== Activity ==
Set the records down again in full, exactly as they are, apart from the images.

(Stored entries)
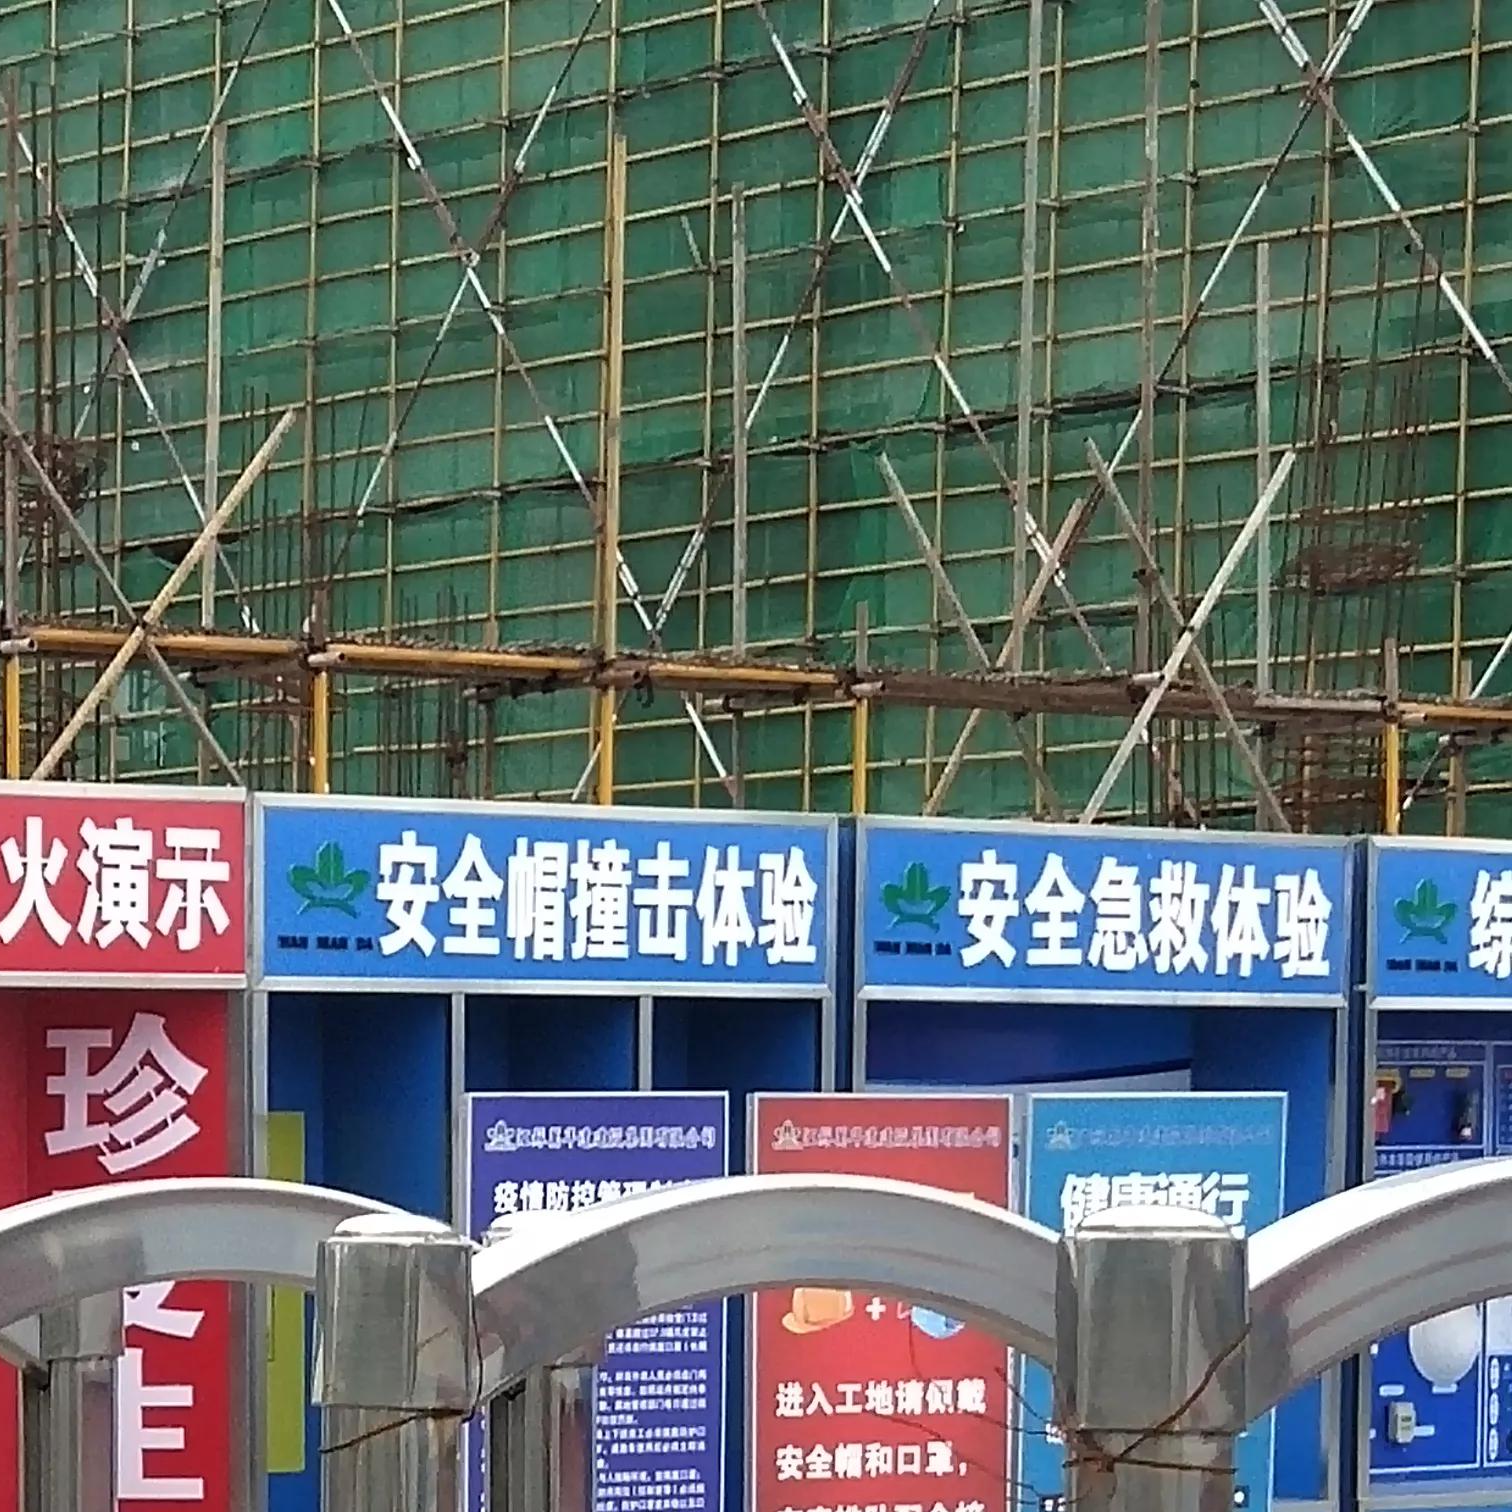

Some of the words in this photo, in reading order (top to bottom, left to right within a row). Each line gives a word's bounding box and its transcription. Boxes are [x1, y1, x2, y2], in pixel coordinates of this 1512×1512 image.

[376, 829, 819, 967] 安全帽撞击体验
[958, 849, 1334, 978] 安全急救体验
[775, 1377, 987, 1417] 进入工地请佩戴
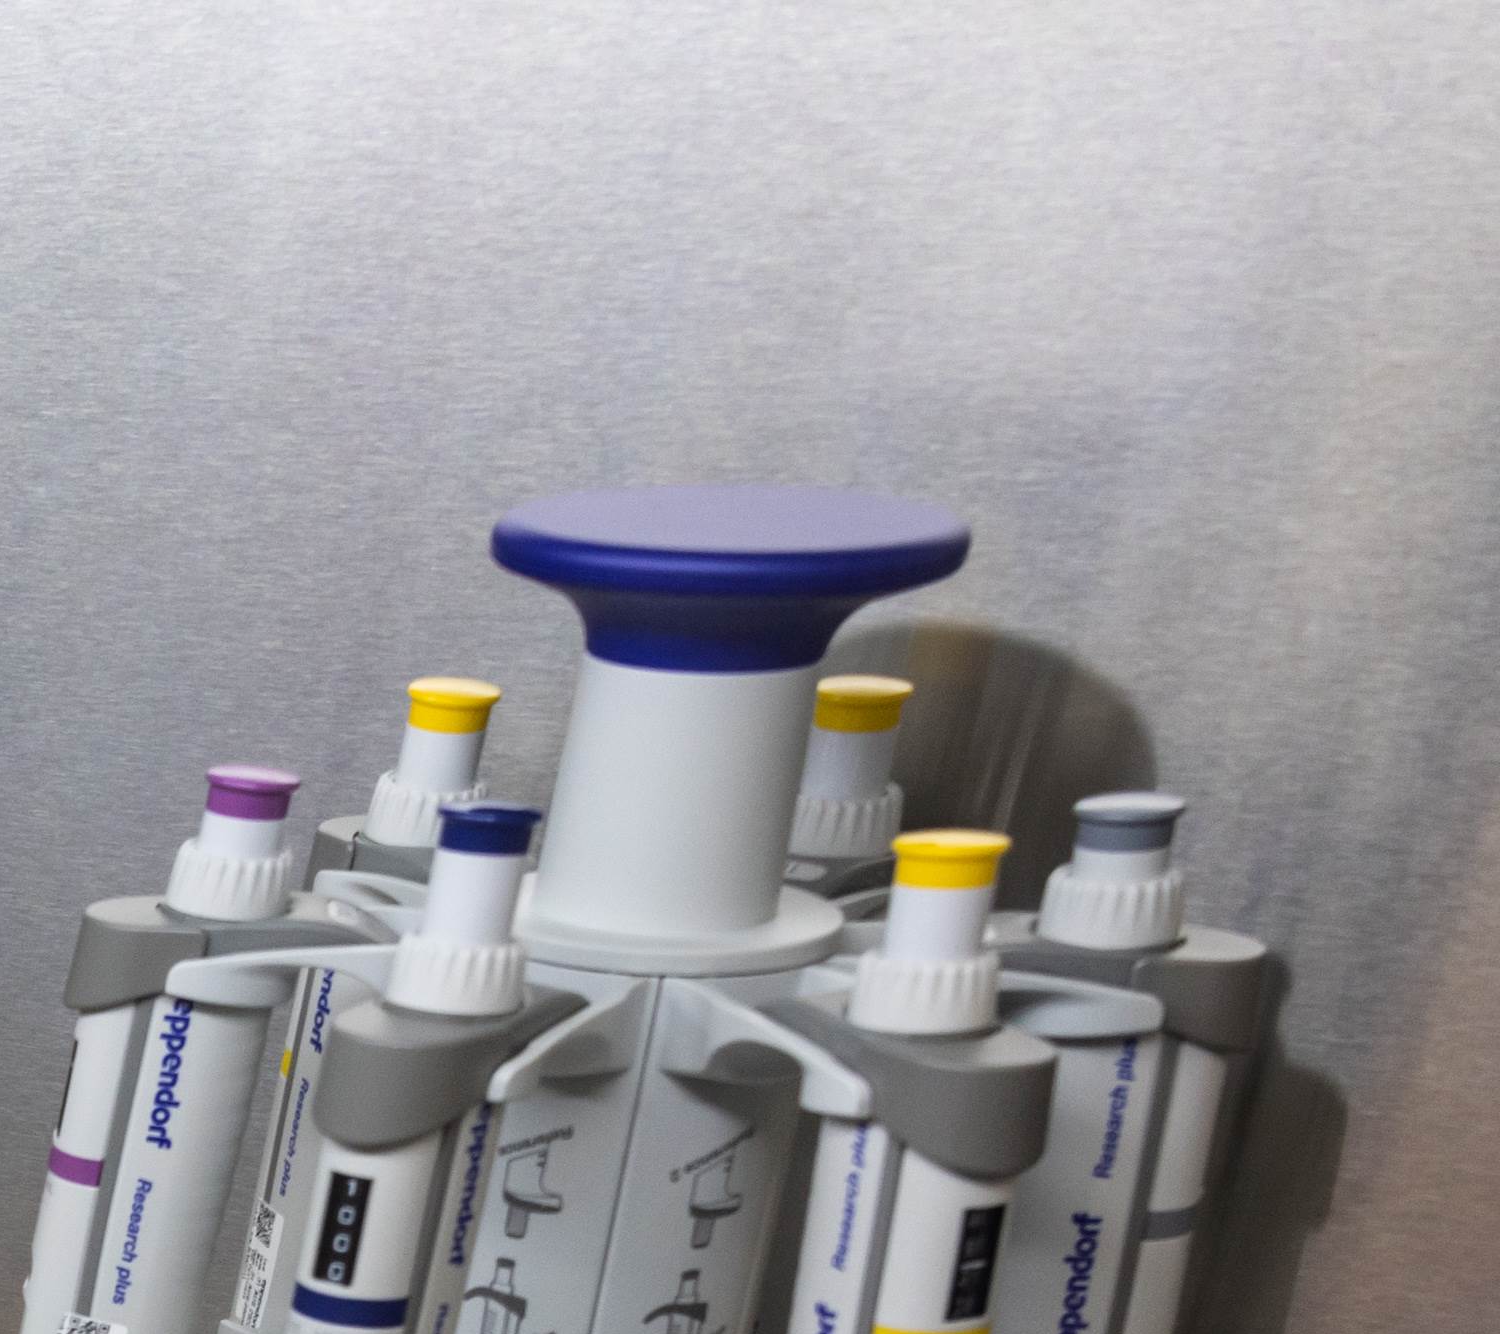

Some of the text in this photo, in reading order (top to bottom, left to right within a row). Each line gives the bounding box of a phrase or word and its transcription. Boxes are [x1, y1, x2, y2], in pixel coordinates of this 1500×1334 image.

[146, 997, 194, 1150] eppendorf
[1093, 1085, 1131, 1179] Research
[112, 1177, 153, 1305] Research plus
[831, 1173, 860, 1272] Research
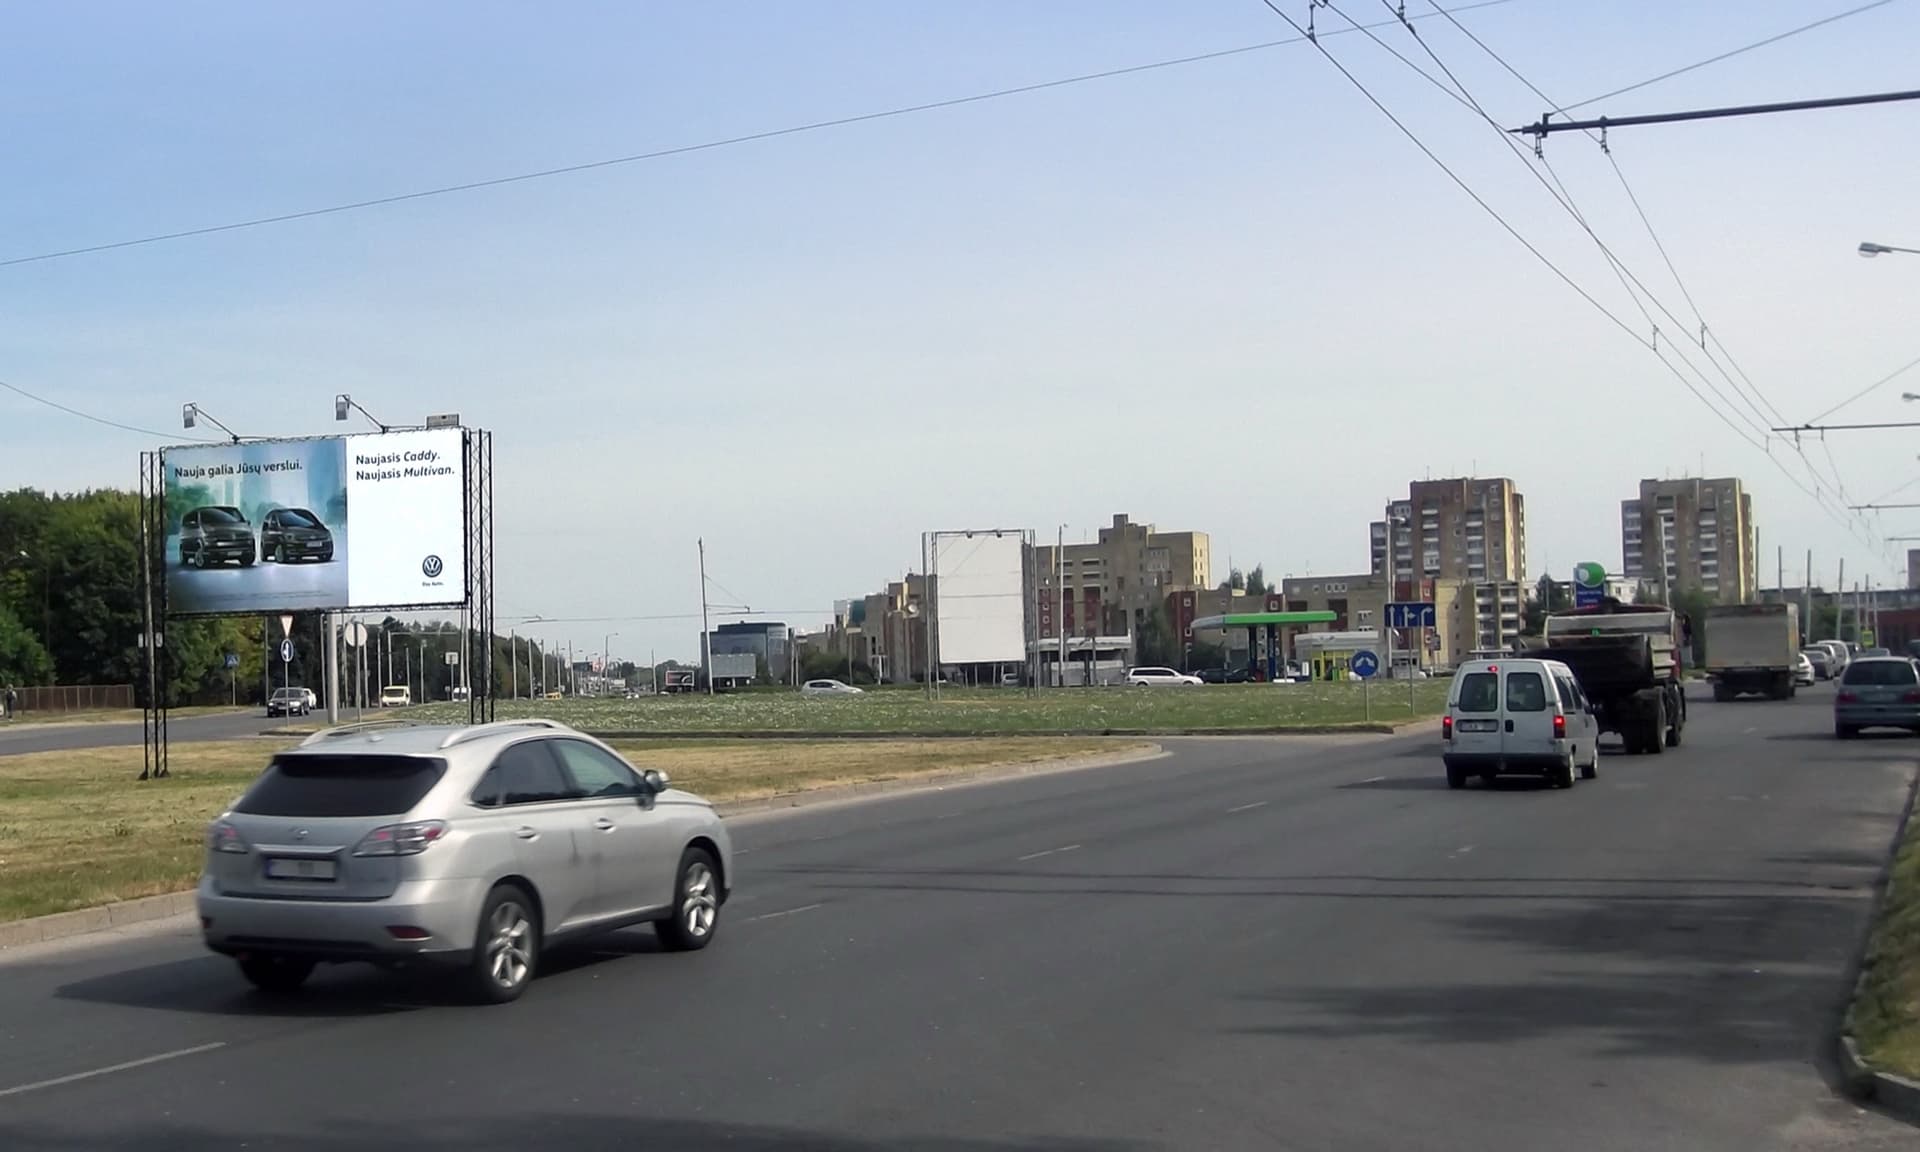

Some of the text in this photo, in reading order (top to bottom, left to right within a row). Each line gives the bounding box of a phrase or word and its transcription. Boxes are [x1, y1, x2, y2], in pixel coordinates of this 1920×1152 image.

[356, 449, 441, 466] Naujasis Caddy.
[174, 465, 206, 479] Nauja
[207, 463, 234, 479] galia
[263, 459, 303, 472] verslui.
[356, 465, 455, 482] Naujasis Multivan.

== Response ==
Some of the words in this photo, in reading order (top to bottom, left to right within a row). Each line gives a word's bounding box and its transcription. Boxes are [x1, y1, x2, y2], in pixel coordinates of this 1512×1512 image.

[376, 829, 819, 967] 安全帽撞击体验
[958, 849, 1334, 978] 安全急救体验
[775, 1377, 987, 1417] 进入工地请佩戴

Some of the text in this photo, in reading order (top to bottom, left to right within a row). Each line gives the bounding box of a phrase or word and its transcription. Boxes are [x1, y1, x2, y2], in pixel coordinates of this 1500×1334 image.

[146, 997, 194, 1150] eppendorf
[1093, 1085, 1131, 1179] Research
[112, 1177, 153, 1305] Research plus
[831, 1173, 860, 1272] Research

Some of the text in this photo, in reading order (top to bottom, left to right within a row). Each line gives the bounding box of a phrase or word and its transcription. Boxes are [x1, y1, x2, y2], in pixel coordinates of this 1920×1152 image.

[356, 449, 441, 466] Naujasis Caddy.
[174, 465, 206, 479] Nauja
[207, 463, 234, 479] galia
[263, 459, 303, 472] verslui.
[356, 465, 455, 482] Naujasis Multivan.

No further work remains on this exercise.